Technically, he said not many of the great composers were atheists.

But I appreciate hearing from someone that passionate about the composer. He spurred me to listen to the concertos tonight, which for some reason I haven't paid much attention to.


----------



## tdc (Jan 17, 2011)

Manxfeeder said:


> I appreciate hearing from someone that passionate about the composer. He spurred me to listen to the concertos tonight, which for some reason I haven't paid much attention to.


That's great, they are three unique works at a very high level of artistry and craftsmanship, challenging to perform and to some listeners fairly challenging (I took to the first two right away myself). The third I think is the more conservative of the three, its really grown on me and I find it a beautiful, and touching work.



Manxfeeder said:


> Technically, he said not many of the great composers were atheists.


Thanks for pointing out my error, I edited the OP.


----------



## Lisztian (Oct 10, 2011)

I find Schiff insufferable.

He sure can play though...


----------



## CnC Bartok (Jun 5, 2017)

Thanks for posting this. I have similar feelings towards Bartók that Schiff has, without his rights so to feel, though....
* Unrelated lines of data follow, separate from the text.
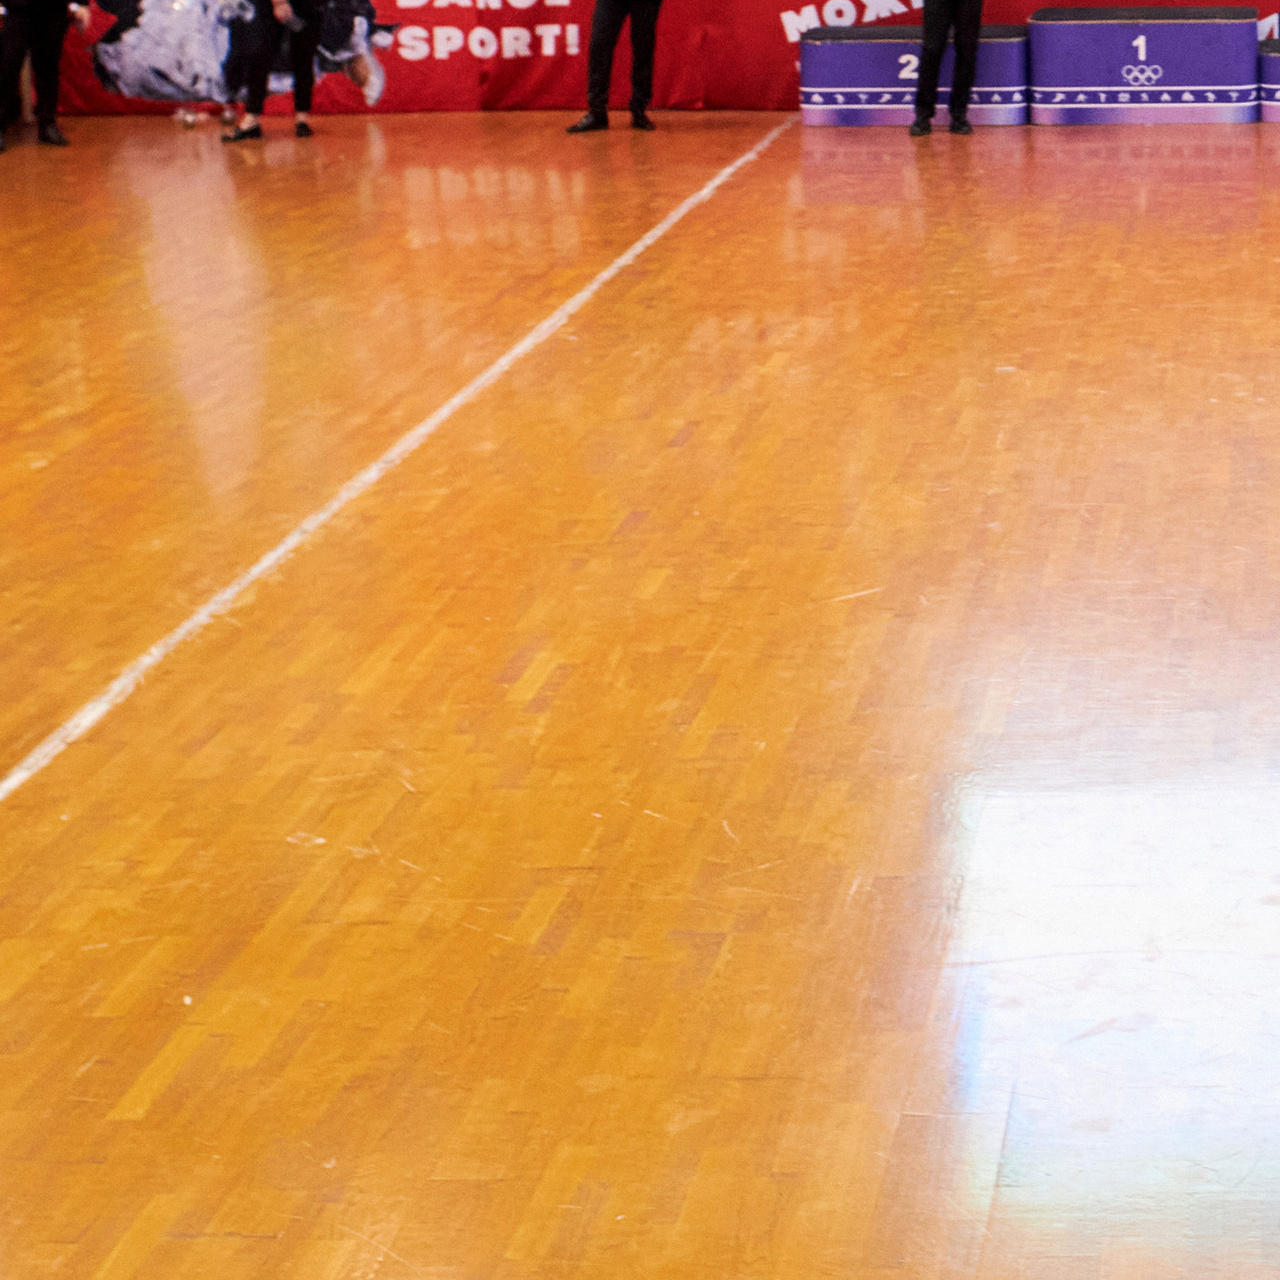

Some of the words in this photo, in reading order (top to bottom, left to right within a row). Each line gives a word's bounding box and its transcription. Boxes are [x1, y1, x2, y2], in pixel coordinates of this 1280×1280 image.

[397, 23, 580, 61] SPORT!
[1132, 35, 1148, 60] 1
[898, 54, 920, 80] 2
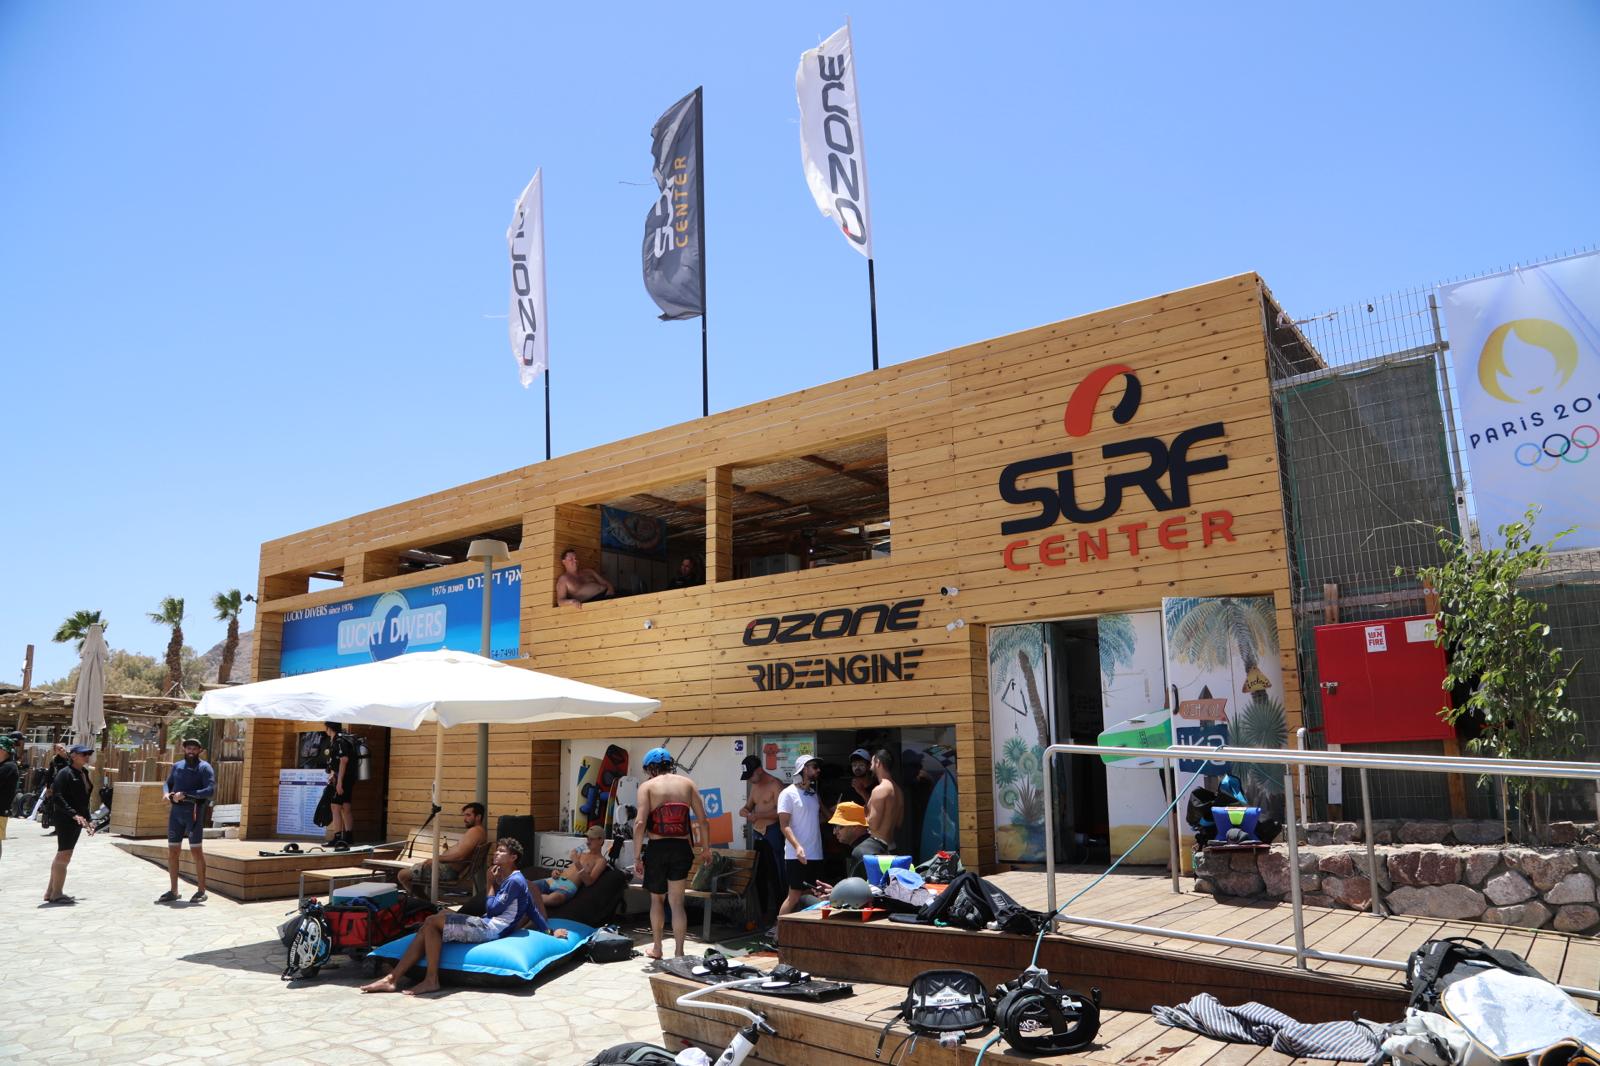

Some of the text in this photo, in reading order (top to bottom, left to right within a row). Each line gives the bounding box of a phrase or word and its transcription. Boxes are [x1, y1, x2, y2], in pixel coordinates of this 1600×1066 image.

[817, 53, 867, 245] OZONE
[674, 155, 689, 248] CENTER
[511, 211, 537, 366] OZON
[1553, 393, 1600, 420] 20
[998, 421, 1229, 536] SURF
[1002, 509, 1237, 571] CENTER
[283, 602, 354, 623] LUCKY DIVERS since 1976
[431, 585, 446, 597] 1976
[340, 609, 443, 649] LUCKY DIVERS
[742, 598, 925, 646] OZONE
[1368, 638, 1384, 647] FIRE
I'd be interested to know if this interview was recorded before the recent death of another of the giant post-Bartok Hungarian pianists, Zoltan Kocsis. The two of them have had issues, Schiff will not return to Hungary while the current toxic atmosphere pervades there, while Kocsis was happy to stay and accommodate. Were his comments about Bartók's leaving his homeland pointed or overtly personal here?

I'd question whether Bartók had "found God" at the end, which I think Schiff is suggesting. Pedantic point, but although the "religioso" marking reappears for the Viola Concerto, wasn't that Tibor Serly's contribution?

And is the Second Piano Concerto no easier than the First? I'll be honest and say it was the first "difficult" piece I ever got first time, and it's intense beauty and joy of life has never left me. I reckon Bartok got it right!


----------



## Larkenfield (Jun 5, 2017)

Schiff's exact quote was this: "I don't know many great composers who have been atheists." It was a personal statement and he wasn't stating it as fact, though it appears that most composers were in fact not. Schiff is suggesting that Bartok may have changed toward the end of his life and developed something like religious feelings-there certainly seems to be something otherworldly, tender and hymn-like in the shimmering slow movement of the 3rd Concerto mixed in with some clashing discords)-but that doesn't always translate into a traditional view of religion such as believing a lot of religious dogma. (Brahms had similar feelings with regard to his German Requiem.) I agree that there was something uncompromising about Bartok throughout his life. Sometimes his music can come across as austere or astringent and sound rather forbidding, not always his fault but the way he is sometimes interpreted and performed, a good example being his great string quartets. I thought these were two good interviews and I'm glad tdc shared them.


----------



## Enthusiast (Mar 5, 2016)

Larkenfield said:


> Sometimes his music can come across as austere or astringent and sound rather forbidding, not always his fault but the way he is sometimes interpreted and performed, a good example being his great string quartets. I thought these were two good interviews and I'm glad tdc shared them.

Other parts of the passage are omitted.